▶ [TRY IT]: Set down again each entry exactly as it reads, pictures excluded.

▶ [PROVIDED RECORDS]:
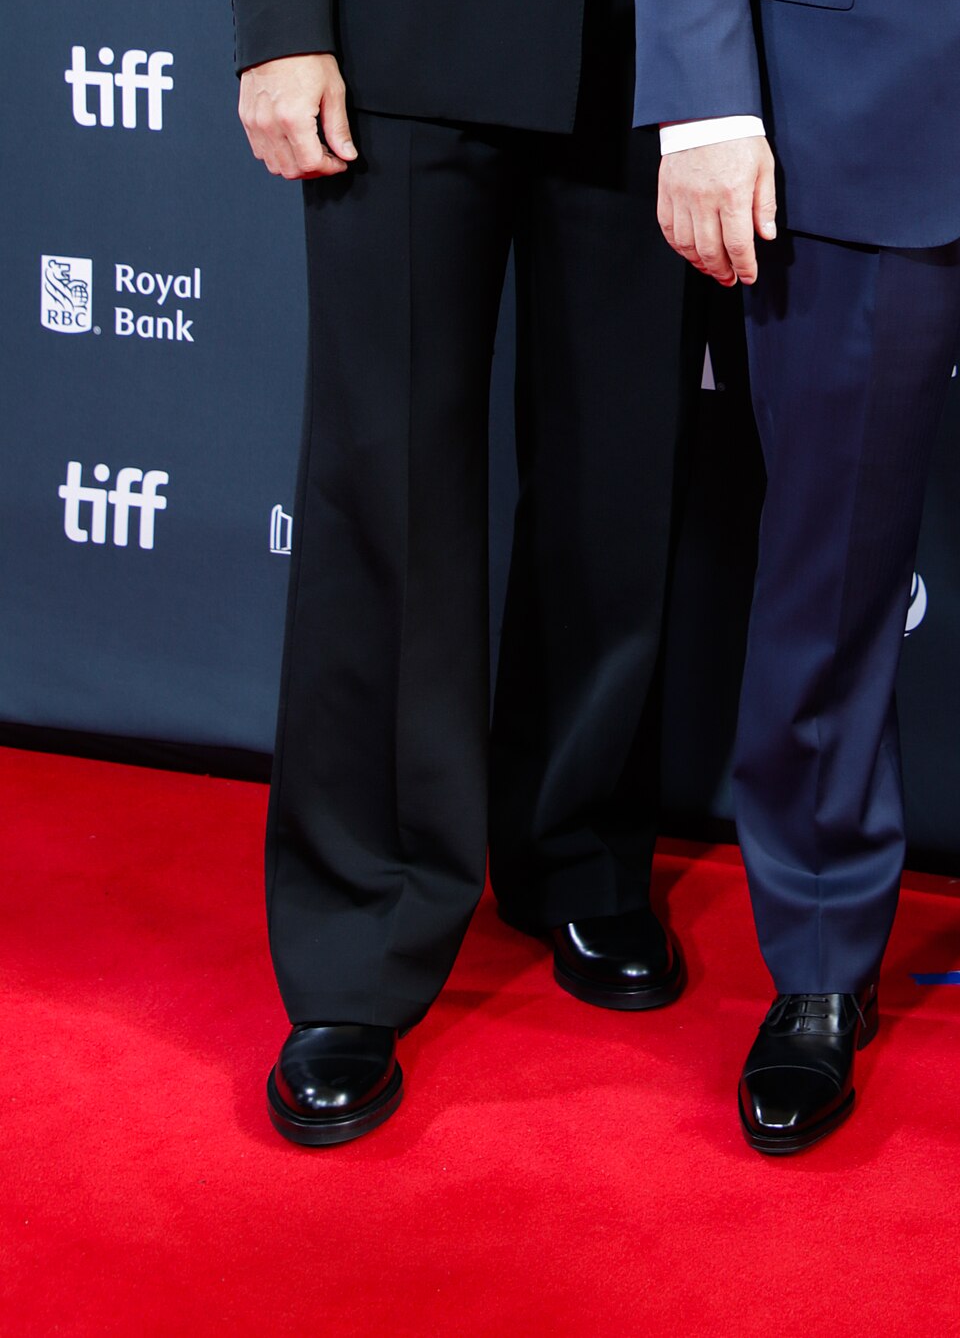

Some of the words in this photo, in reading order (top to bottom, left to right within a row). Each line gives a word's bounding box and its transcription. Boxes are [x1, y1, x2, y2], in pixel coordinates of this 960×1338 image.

[64, 45, 174, 131] tiff
[115, 263, 201, 307] Royal
[47, 309, 88, 328] RBC
[114, 307, 195, 343] Bank
[58, 460, 169, 550] tiff
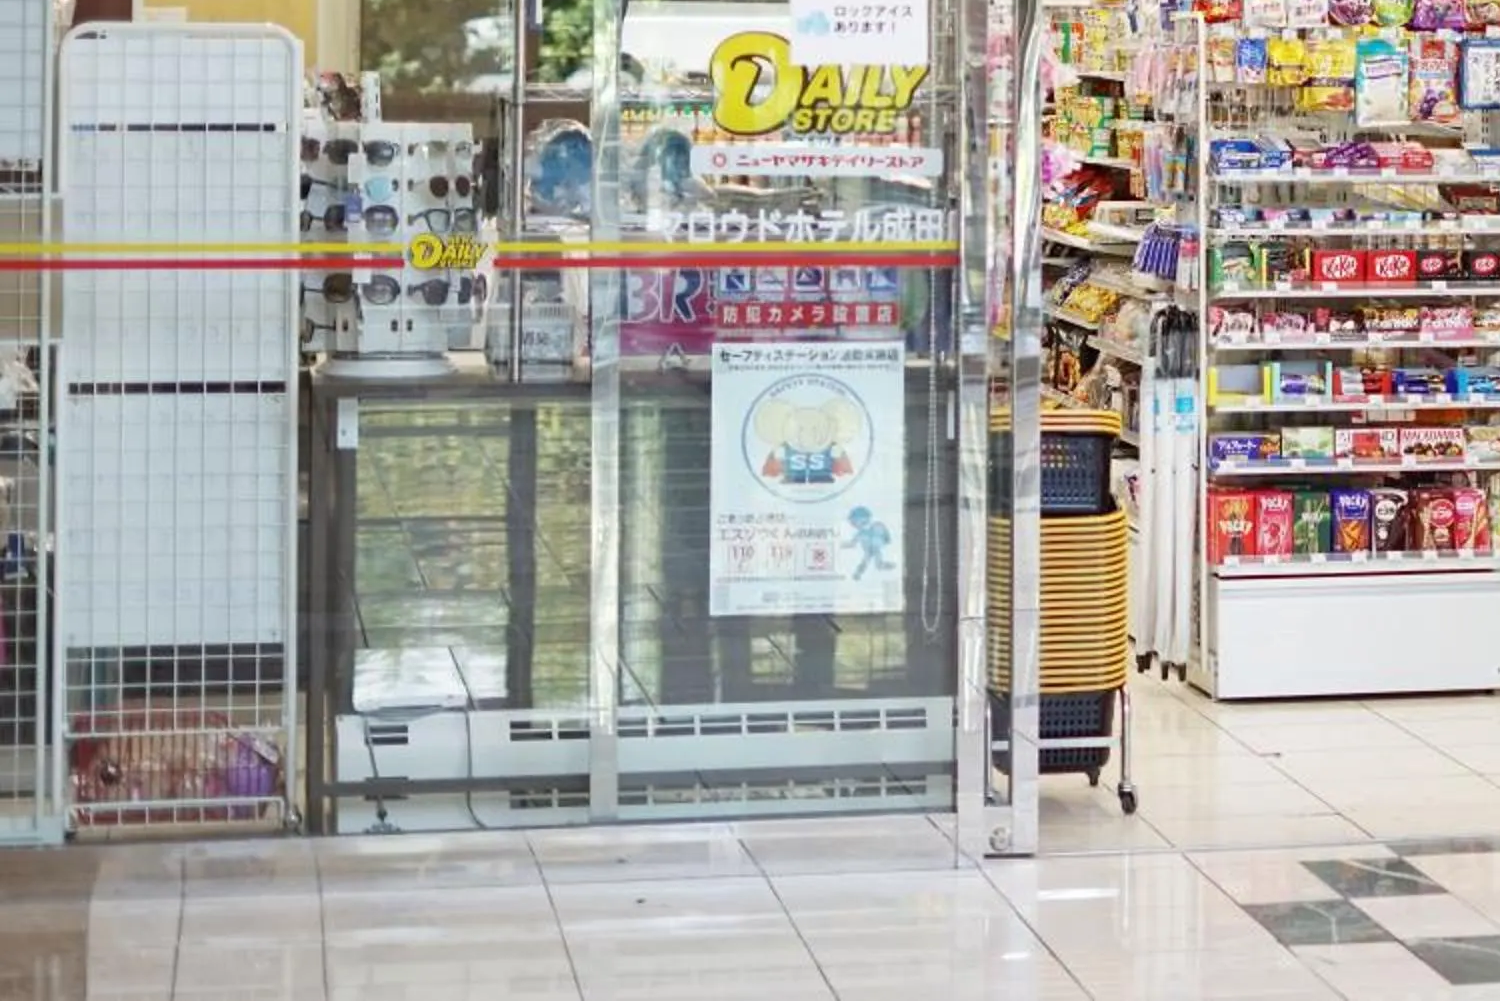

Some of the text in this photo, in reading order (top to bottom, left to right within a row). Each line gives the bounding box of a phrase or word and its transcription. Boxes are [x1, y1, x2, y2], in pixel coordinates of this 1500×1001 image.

[834, 4, 913, 18] ロックアイス
[709, 30, 930, 135] DAILY
[791, 108, 898, 134] STORE

▶ [SOLUTION TO THIS TASK]:
Some of the words in this photo, in reading order (top to bottom, left to right within a row). Each line gives a word's bounding box and its transcription. Boxes are [x1, y1, x2, y2], in pixel coordinates of this 960×1338 image.

[64, 45, 174, 131] tiff
[115, 263, 201, 307] Royal
[47, 309, 88, 328] RBC
[114, 307, 195, 343] Bank
[58, 460, 169, 550] tiff

Some of the text in this photo, in reading order (top to bottom, left to right within a row). Each line gives the bounding box of a phrase or word and its transcription. Boxes are [x1, y1, x2, y2], in pixel coordinates of this 1500×1001 image.

[834, 4, 913, 18] ロックアイス
[709, 30, 930, 135] DAILY
[791, 108, 898, 134] STORE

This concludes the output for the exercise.